_Task directions_
Give back exactly the lines that start at the one containing "this 2353×1568 image." and run to the end of the material below, both ends included.
+ + +
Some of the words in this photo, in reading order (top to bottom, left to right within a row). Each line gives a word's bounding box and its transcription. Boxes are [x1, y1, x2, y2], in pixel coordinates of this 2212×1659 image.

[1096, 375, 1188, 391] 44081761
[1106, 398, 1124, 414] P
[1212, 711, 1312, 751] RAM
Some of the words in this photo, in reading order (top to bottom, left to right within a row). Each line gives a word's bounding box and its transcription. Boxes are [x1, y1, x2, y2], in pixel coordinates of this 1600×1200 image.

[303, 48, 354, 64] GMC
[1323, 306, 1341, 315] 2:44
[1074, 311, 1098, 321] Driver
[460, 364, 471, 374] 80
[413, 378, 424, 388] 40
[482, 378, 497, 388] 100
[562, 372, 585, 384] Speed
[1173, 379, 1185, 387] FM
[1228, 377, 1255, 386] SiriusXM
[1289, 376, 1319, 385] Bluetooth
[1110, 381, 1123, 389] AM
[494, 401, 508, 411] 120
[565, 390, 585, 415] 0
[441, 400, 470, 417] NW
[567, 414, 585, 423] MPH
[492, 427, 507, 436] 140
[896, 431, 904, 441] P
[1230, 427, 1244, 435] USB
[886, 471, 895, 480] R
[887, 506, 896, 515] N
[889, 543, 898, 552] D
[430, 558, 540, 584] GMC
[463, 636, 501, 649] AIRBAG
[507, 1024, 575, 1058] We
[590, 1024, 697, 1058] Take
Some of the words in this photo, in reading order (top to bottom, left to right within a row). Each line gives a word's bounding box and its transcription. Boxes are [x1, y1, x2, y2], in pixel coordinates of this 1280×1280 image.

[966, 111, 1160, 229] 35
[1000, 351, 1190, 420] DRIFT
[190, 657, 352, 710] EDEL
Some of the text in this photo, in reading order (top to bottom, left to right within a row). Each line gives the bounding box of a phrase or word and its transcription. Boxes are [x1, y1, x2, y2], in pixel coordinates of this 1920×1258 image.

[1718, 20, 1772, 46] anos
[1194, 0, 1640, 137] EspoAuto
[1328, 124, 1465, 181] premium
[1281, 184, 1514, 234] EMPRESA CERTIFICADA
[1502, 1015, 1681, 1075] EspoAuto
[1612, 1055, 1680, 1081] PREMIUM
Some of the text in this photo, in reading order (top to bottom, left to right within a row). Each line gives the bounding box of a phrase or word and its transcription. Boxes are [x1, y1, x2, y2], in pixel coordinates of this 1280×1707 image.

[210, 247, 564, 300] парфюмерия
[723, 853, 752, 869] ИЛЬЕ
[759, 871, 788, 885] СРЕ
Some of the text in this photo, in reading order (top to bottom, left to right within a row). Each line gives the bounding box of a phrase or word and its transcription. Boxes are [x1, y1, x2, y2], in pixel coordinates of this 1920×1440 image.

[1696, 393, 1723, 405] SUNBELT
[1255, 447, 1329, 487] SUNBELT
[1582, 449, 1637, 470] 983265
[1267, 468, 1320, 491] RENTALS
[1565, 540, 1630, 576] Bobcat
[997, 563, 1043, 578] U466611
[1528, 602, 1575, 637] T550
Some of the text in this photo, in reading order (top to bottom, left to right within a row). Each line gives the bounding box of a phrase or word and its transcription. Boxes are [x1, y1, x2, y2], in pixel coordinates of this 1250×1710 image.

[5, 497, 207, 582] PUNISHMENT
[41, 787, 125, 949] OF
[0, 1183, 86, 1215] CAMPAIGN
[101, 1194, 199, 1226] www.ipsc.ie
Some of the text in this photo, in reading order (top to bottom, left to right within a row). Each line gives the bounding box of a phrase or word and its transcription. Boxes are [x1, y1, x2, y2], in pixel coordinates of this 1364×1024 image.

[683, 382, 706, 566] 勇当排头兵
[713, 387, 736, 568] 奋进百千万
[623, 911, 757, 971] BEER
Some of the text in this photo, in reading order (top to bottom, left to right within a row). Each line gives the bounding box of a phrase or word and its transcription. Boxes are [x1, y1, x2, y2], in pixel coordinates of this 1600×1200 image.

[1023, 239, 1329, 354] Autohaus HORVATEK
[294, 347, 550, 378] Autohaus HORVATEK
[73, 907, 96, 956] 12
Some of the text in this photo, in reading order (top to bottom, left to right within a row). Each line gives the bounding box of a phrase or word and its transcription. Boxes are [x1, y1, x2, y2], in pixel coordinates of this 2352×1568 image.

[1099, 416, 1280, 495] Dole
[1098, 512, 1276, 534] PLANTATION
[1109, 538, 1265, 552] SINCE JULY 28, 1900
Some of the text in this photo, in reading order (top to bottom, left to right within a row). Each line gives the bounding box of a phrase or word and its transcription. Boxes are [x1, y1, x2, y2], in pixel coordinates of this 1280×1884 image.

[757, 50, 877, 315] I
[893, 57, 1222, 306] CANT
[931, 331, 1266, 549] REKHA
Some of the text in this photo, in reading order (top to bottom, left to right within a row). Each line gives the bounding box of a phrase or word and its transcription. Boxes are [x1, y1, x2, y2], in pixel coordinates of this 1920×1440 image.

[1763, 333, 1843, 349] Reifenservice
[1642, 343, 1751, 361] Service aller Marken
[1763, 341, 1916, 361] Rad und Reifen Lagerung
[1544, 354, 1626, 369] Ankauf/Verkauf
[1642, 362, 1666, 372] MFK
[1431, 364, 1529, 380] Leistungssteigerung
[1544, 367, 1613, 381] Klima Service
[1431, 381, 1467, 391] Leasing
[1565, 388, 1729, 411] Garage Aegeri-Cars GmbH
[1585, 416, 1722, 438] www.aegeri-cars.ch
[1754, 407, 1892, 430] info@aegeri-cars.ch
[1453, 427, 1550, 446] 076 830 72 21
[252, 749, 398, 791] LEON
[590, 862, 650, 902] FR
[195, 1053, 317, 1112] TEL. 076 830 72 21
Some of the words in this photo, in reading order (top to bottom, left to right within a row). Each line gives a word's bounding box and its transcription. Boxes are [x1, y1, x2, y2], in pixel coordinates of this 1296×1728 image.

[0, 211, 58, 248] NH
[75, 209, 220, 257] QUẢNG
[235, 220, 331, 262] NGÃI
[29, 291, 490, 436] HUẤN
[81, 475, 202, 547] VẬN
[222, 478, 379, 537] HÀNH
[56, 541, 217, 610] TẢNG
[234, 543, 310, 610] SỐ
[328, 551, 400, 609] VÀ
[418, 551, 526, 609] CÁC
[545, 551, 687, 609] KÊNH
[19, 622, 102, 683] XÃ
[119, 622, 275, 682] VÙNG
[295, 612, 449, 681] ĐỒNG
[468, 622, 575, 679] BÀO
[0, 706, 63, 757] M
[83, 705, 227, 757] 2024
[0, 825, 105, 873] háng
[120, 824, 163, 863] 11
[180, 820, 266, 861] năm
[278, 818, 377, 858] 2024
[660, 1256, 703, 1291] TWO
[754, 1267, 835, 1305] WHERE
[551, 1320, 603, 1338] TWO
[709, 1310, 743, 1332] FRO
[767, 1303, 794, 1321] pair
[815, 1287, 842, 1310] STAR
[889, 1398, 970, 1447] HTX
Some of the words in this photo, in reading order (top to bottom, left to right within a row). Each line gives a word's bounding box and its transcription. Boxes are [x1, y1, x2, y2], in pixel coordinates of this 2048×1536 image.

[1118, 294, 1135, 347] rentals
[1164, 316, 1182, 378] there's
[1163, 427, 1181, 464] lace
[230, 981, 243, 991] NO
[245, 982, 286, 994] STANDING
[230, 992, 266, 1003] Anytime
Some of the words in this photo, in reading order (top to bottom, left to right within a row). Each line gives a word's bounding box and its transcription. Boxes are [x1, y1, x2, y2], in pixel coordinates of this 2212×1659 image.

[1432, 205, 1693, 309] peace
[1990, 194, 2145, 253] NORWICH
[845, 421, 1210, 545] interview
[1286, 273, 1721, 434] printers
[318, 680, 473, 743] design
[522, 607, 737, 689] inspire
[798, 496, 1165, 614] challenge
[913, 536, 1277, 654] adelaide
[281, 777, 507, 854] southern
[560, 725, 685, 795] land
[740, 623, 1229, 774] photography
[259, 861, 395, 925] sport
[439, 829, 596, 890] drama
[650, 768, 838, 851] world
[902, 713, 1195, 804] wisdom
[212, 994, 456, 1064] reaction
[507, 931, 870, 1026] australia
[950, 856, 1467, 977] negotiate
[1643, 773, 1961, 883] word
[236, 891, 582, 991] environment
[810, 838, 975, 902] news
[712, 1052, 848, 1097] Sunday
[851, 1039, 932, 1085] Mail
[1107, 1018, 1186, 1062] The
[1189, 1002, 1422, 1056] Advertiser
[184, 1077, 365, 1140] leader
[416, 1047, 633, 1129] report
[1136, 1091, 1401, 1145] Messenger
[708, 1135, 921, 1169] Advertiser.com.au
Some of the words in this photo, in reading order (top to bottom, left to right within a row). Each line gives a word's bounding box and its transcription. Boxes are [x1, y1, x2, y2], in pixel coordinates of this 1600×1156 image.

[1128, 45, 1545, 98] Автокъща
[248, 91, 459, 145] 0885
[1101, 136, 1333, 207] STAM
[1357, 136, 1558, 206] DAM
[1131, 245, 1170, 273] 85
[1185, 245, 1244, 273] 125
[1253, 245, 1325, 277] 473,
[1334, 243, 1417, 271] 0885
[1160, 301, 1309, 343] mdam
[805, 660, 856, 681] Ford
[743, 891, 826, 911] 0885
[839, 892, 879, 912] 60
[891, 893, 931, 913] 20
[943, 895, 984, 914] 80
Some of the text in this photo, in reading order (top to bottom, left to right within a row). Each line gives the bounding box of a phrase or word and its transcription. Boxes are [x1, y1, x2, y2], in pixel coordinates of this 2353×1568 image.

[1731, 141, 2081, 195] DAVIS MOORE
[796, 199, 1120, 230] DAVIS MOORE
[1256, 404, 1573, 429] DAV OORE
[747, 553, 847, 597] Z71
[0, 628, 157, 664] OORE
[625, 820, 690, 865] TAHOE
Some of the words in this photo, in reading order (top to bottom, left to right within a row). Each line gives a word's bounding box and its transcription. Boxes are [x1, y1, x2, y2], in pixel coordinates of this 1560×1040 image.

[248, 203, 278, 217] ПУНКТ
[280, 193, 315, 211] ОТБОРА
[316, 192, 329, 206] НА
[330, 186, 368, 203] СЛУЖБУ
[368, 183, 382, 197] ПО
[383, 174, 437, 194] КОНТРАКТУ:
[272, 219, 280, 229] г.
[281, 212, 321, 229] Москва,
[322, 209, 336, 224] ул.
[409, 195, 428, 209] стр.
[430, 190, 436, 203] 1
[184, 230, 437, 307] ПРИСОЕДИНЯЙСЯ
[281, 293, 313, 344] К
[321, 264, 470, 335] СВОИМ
+ + +
_Solution for this task_
Some of the text in this photo, in reading order (top to bottom, left to right within a row). Each line gives the bounding box of a phrase or word and its transcription. Boxes are [x1, y1, x2, y2], in pixel coordinates of this 2353×1568 image.

[1731, 141, 2081, 195] DAVIS MOORE
[796, 199, 1120, 230] DAVIS MOORE
[1256, 404, 1573, 429] DAV OORE
[747, 553, 847, 597] Z71
[0, 628, 157, 664] OORE
[625, 820, 690, 865] TAHOE
Some of the words in this photo, in reading order (top to bottom, left to right within a row). Each line gives a word's bounding box and its transcription. Boxes are [x1, y1, x2, y2], in pixel coordinates of this 1560×1040 image.

[248, 203, 278, 217] ПУНКТ
[280, 193, 315, 211] ОТБОРА
[316, 192, 329, 206] НА
[330, 186, 368, 203] СЛУЖБУ
[368, 183, 382, 197] ПО
[383, 174, 437, 194] КОНТРАКТУ:
[272, 219, 280, 229] г.
[281, 212, 321, 229] Москва,
[322, 209, 336, 224] ул.
[409, 195, 428, 209] стр.
[430, 190, 436, 203] 1
[184, 230, 437, 307] ПРИСОЕДИНЯЙСЯ
[281, 293, 313, 344] К
[321, 264, 470, 335] СВОИМ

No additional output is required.